### [PROBLEM REQUIREMENTS]
In your copy, reproduce each entry exactly and leave out the pictures.
** Opening SUPPLIED DATA block **
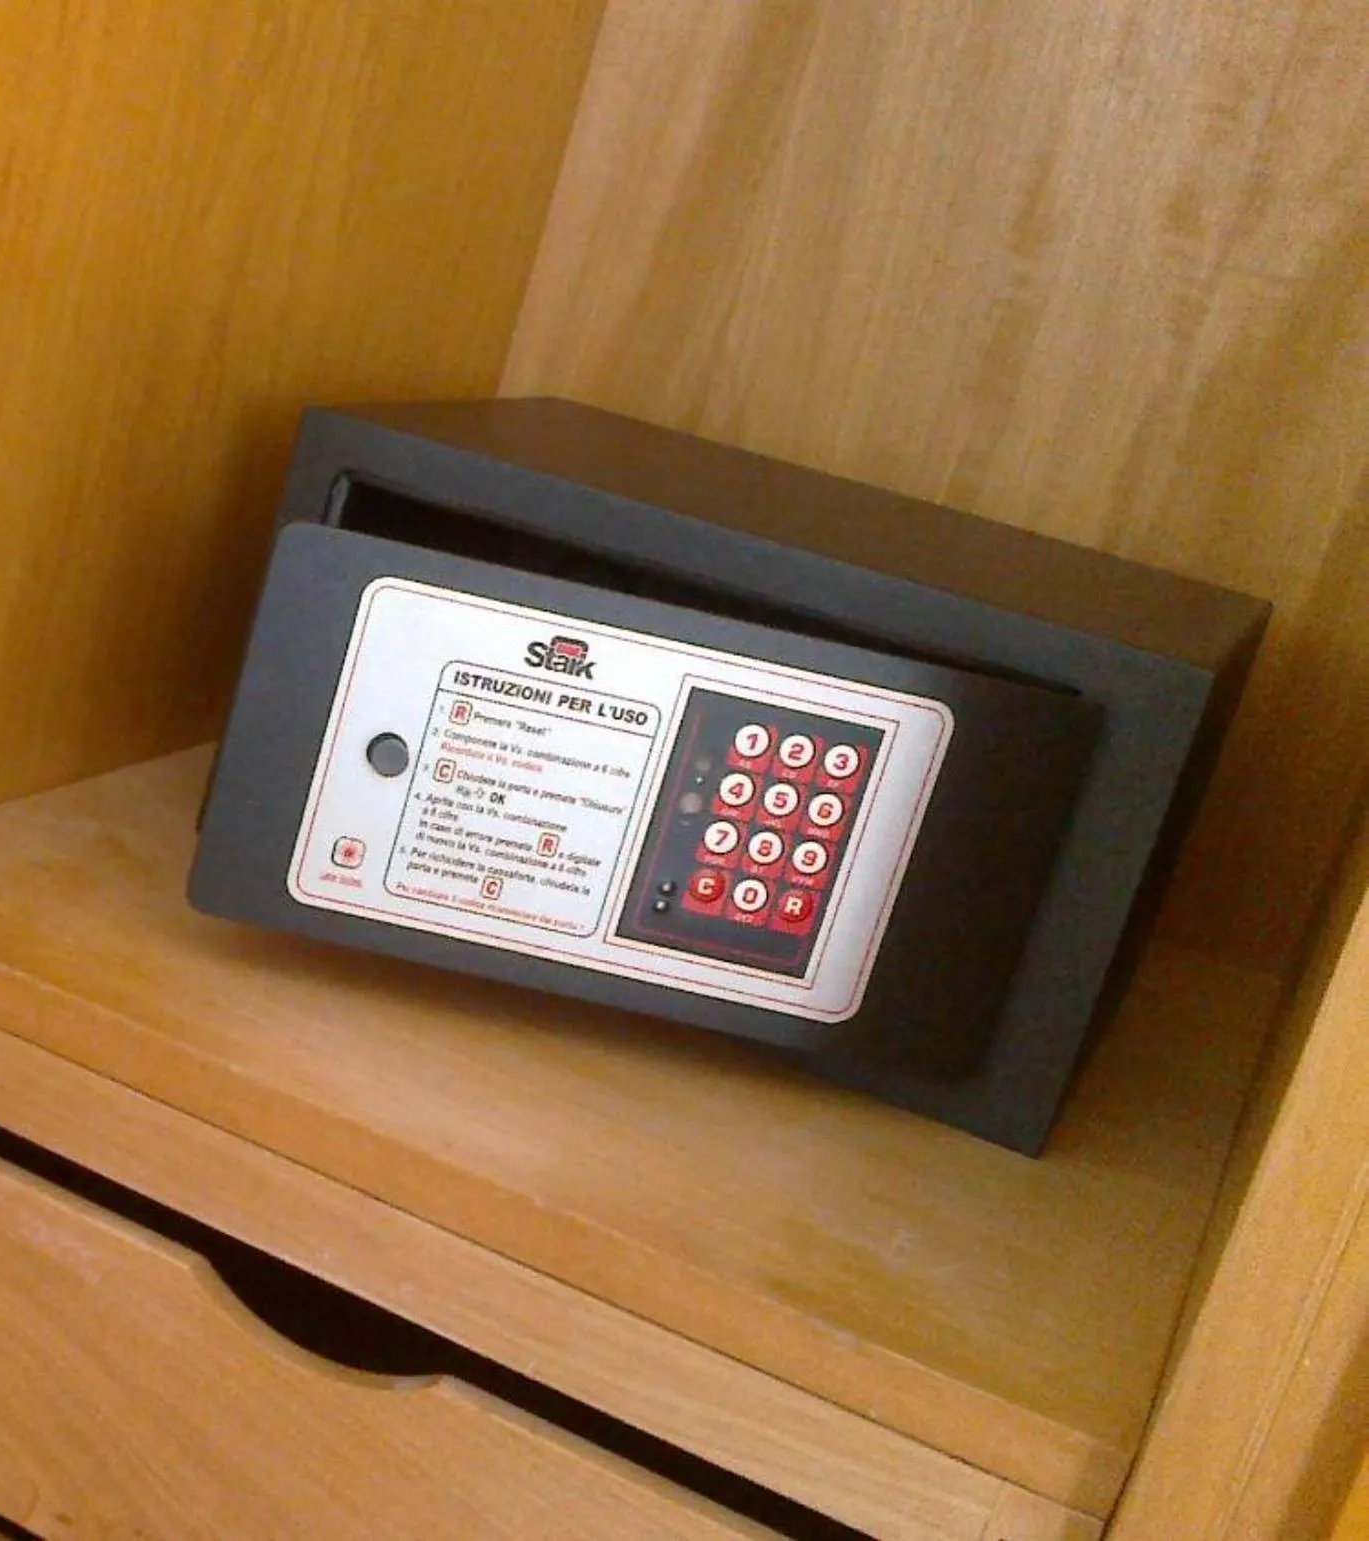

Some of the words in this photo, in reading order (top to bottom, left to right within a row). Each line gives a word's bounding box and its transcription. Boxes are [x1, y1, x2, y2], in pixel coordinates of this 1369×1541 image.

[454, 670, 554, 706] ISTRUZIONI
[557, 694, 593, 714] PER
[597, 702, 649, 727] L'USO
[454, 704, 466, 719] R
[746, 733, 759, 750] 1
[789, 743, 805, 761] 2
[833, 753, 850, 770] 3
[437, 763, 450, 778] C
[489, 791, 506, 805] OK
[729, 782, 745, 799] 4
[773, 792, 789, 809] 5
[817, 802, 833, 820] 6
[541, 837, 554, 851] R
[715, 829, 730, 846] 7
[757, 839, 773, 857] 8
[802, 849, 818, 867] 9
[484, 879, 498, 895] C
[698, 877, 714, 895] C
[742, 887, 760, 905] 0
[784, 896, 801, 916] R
** Closing SUPPLIED DATA block **
### [ANSWER BOX]
Some of the words in this photo, in reading order (top to bottom, left to right within a row). Each line gives a word's bounding box and its transcription. Boxes are [x1, y1, x2, y2], in pixel coordinates of this 1369×1541 image.

[454, 670, 554, 706] ISTRUZIONI
[557, 694, 593, 714] PER
[597, 702, 649, 727] L'USO
[454, 704, 466, 719] R
[746, 733, 759, 750] 1
[789, 743, 805, 761] 2
[833, 753, 850, 770] 3
[437, 763, 450, 778] C
[489, 791, 506, 805] OK
[729, 782, 745, 799] 4
[773, 792, 789, 809] 5
[817, 802, 833, 820] 6
[541, 837, 554, 851] R
[715, 829, 730, 846] 7
[757, 839, 773, 857] 8
[802, 849, 818, 867] 9
[484, 879, 498, 895] C
[698, 877, 714, 895] C
[742, 887, 760, 905] 0
[784, 896, 801, 916] R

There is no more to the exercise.